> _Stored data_
[Start of section]

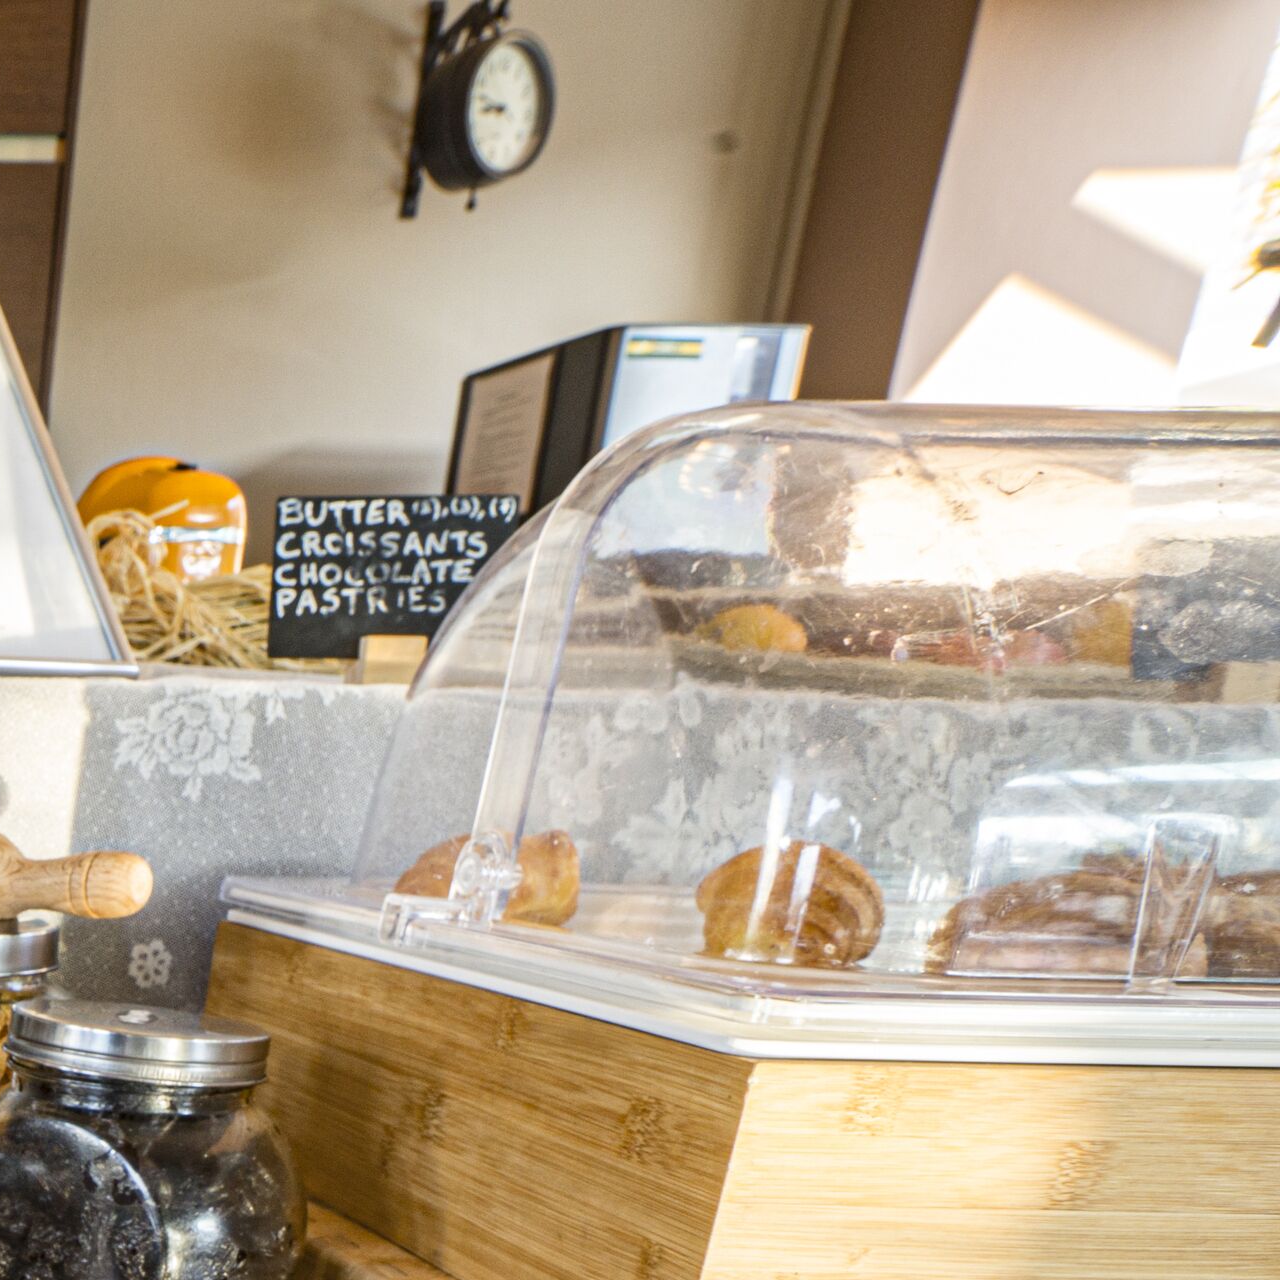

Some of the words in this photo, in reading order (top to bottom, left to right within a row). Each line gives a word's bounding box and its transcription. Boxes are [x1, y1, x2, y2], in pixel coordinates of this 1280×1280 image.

[278, 498, 411, 529] BUTTER
[275, 529, 489, 560] CROISSANTS
[273, 556, 476, 588] CHOCOLATE
[274, 585, 447, 619] PASTRIES

[End of section]

> _Task details_
Word for word, restate the records above and drop the pictures.

> _Your response_
Some of the words in this photo, in reading order (top to bottom, left to right within a row). Each line gives a word's bounding box and its transcription. Boxes are [x1, y1, x2, y2], in pixel coordinates of this 1280×1280 image.

[278, 498, 411, 529] BUTTER
[275, 529, 489, 560] CROISSANTS
[273, 556, 476, 588] CHOCOLATE
[274, 585, 447, 619] PASTRIES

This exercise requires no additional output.